§ Required work:
Copy everything in the data below exactly except the pictures.

§ The data:
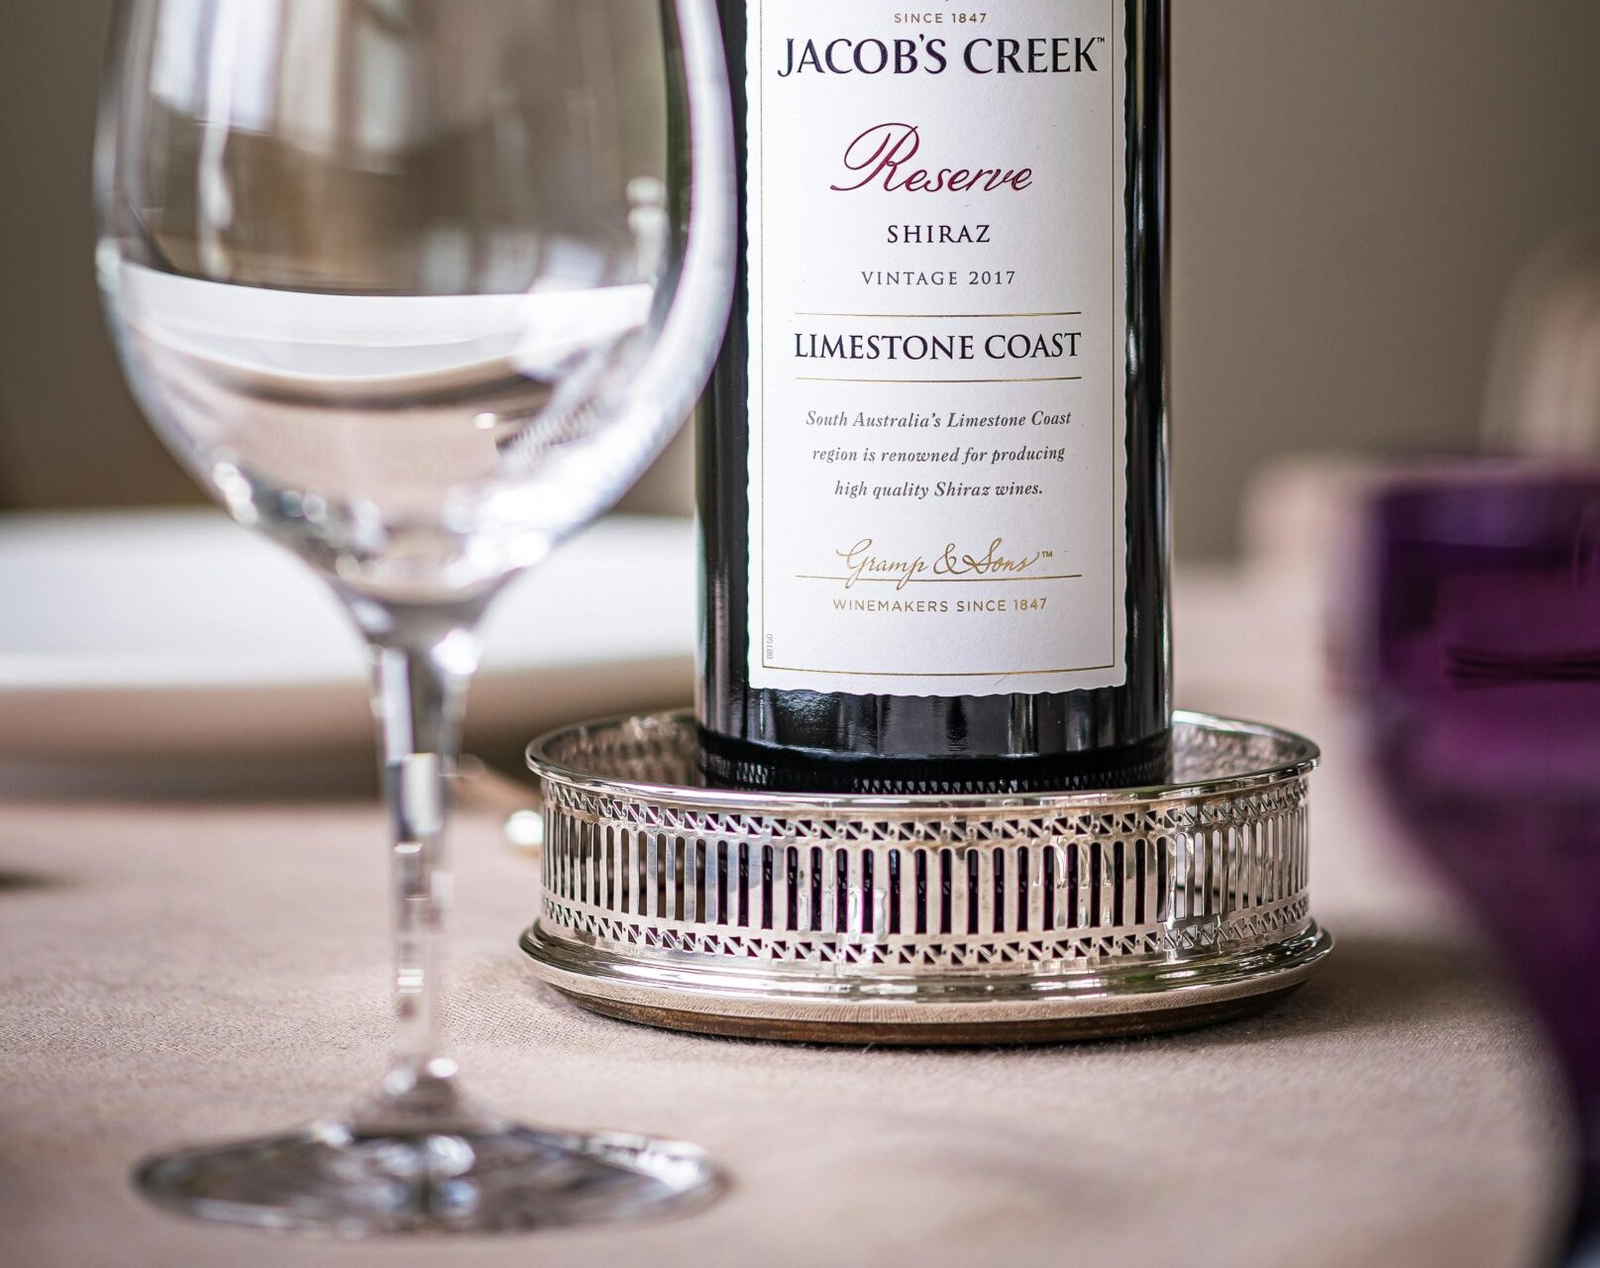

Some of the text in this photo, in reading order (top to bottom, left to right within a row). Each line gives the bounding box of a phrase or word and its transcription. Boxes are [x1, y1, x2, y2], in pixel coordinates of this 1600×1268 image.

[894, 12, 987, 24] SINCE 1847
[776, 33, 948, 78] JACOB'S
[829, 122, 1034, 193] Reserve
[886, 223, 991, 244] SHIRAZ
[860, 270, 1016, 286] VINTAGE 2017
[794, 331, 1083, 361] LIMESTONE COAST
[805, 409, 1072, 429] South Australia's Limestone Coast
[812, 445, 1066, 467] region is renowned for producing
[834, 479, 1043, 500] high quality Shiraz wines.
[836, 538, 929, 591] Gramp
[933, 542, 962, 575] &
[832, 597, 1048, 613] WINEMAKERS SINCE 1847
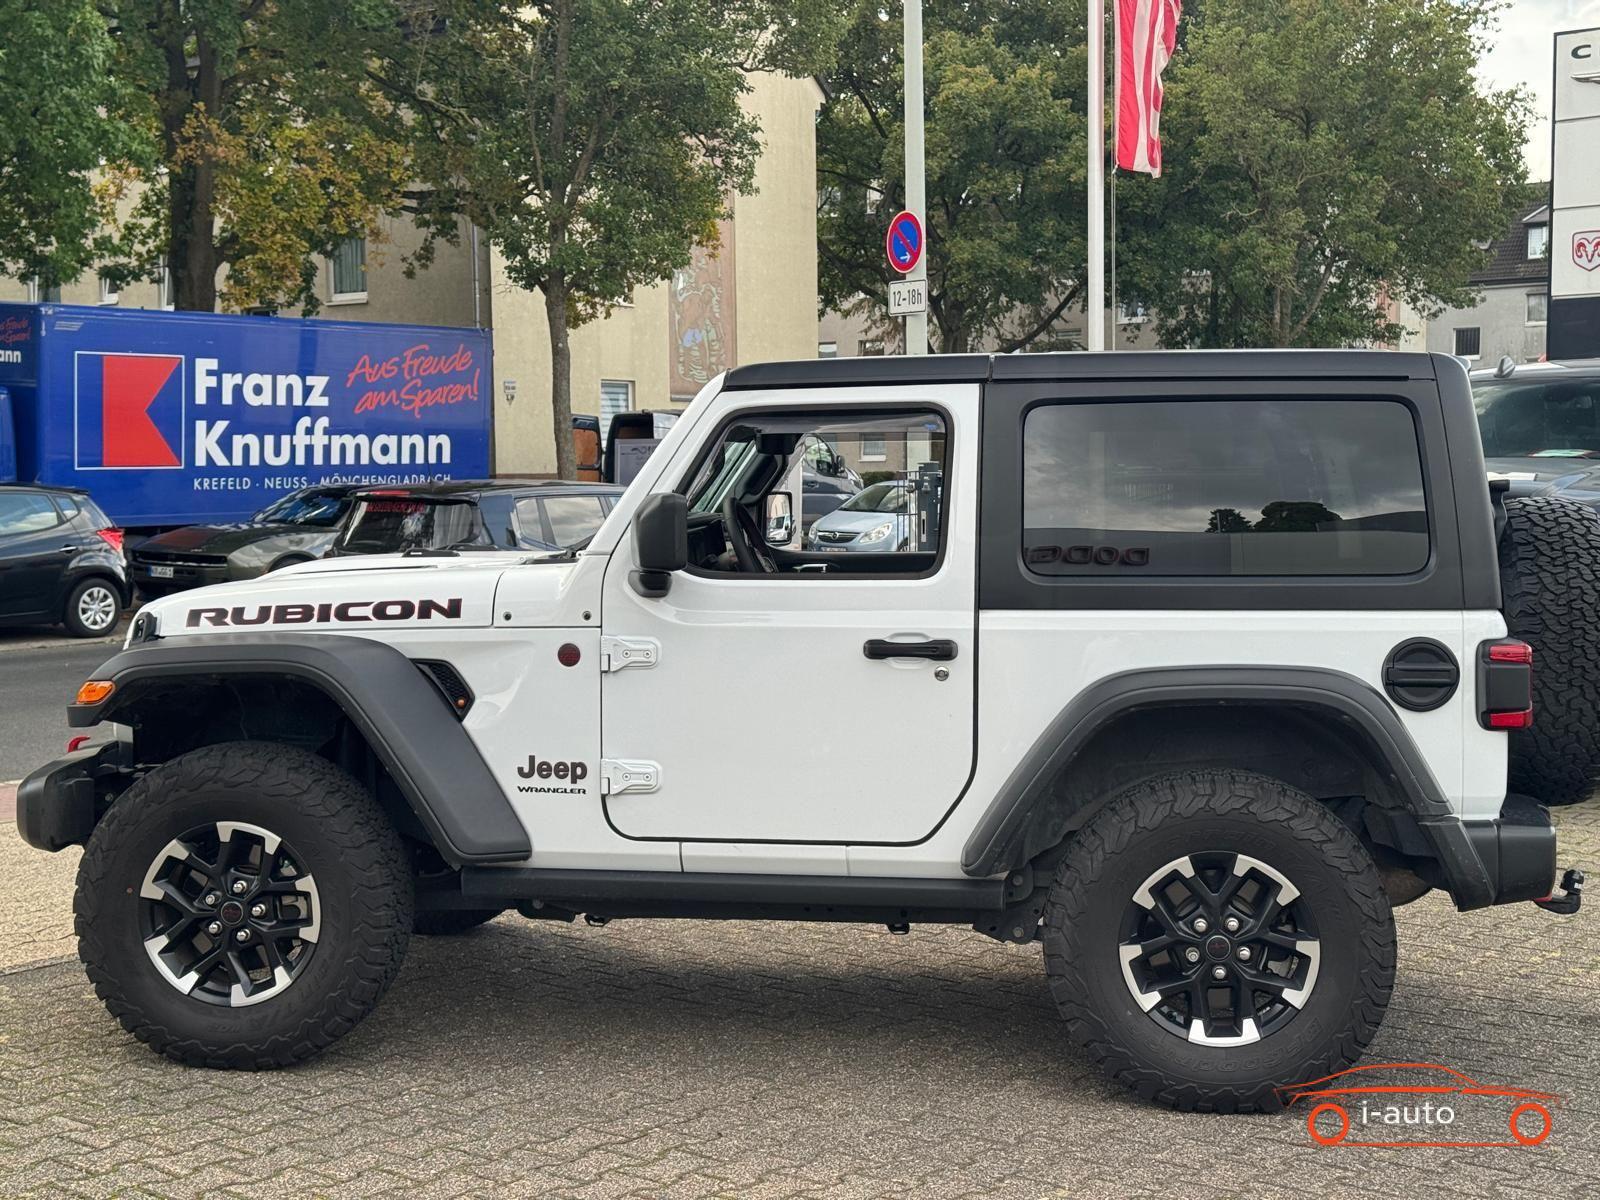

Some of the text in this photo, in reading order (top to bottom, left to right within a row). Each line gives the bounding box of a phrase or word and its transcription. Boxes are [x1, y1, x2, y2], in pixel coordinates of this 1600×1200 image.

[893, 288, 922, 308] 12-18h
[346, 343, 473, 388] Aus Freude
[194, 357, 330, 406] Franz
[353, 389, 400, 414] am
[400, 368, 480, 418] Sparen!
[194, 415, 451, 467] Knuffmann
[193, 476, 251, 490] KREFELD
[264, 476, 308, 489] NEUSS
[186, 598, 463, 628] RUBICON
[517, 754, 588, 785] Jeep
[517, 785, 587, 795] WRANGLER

§ Solution to this problem:
Some of the text in this photo, in reading order (top to bottom, left to right within a row). Each line gives the bounding box of a phrase or word and its transcription. Boxes are [x1, y1, x2, y2], in pixel coordinates of this 1600×1268 image.

[894, 12, 987, 24] SINCE 1847
[776, 33, 948, 78] JACOB'S
[829, 122, 1034, 193] Reserve
[886, 223, 991, 244] SHIRAZ
[860, 270, 1016, 286] VINTAGE 2017
[794, 331, 1083, 361] LIMESTONE COAST
[805, 409, 1072, 429] South Australia's Limestone Coast
[812, 445, 1066, 467] region is renowned for producing
[834, 479, 1043, 500] high quality Shiraz wines.
[836, 538, 929, 591] Gramp
[933, 542, 962, 575] &
[832, 597, 1048, 613] WINEMAKERS SINCE 1847

Some of the text in this photo, in reading order (top to bottom, left to right within a row). Each line gives the bounding box of a phrase or word and its transcription. Boxes are [x1, y1, x2, y2], in pixel coordinates of this 1600×1200 image.

[893, 288, 922, 308] 12-18h
[346, 343, 473, 388] Aus Freude
[194, 357, 330, 406] Franz
[353, 389, 400, 414] am
[400, 368, 480, 418] Sparen!
[194, 415, 451, 467] Knuffmann
[193, 476, 251, 490] KREFELD
[264, 476, 308, 489] NEUSS
[186, 598, 463, 628] RUBICON
[517, 754, 588, 785] Jeep
[517, 785, 587, 795] WRANGLER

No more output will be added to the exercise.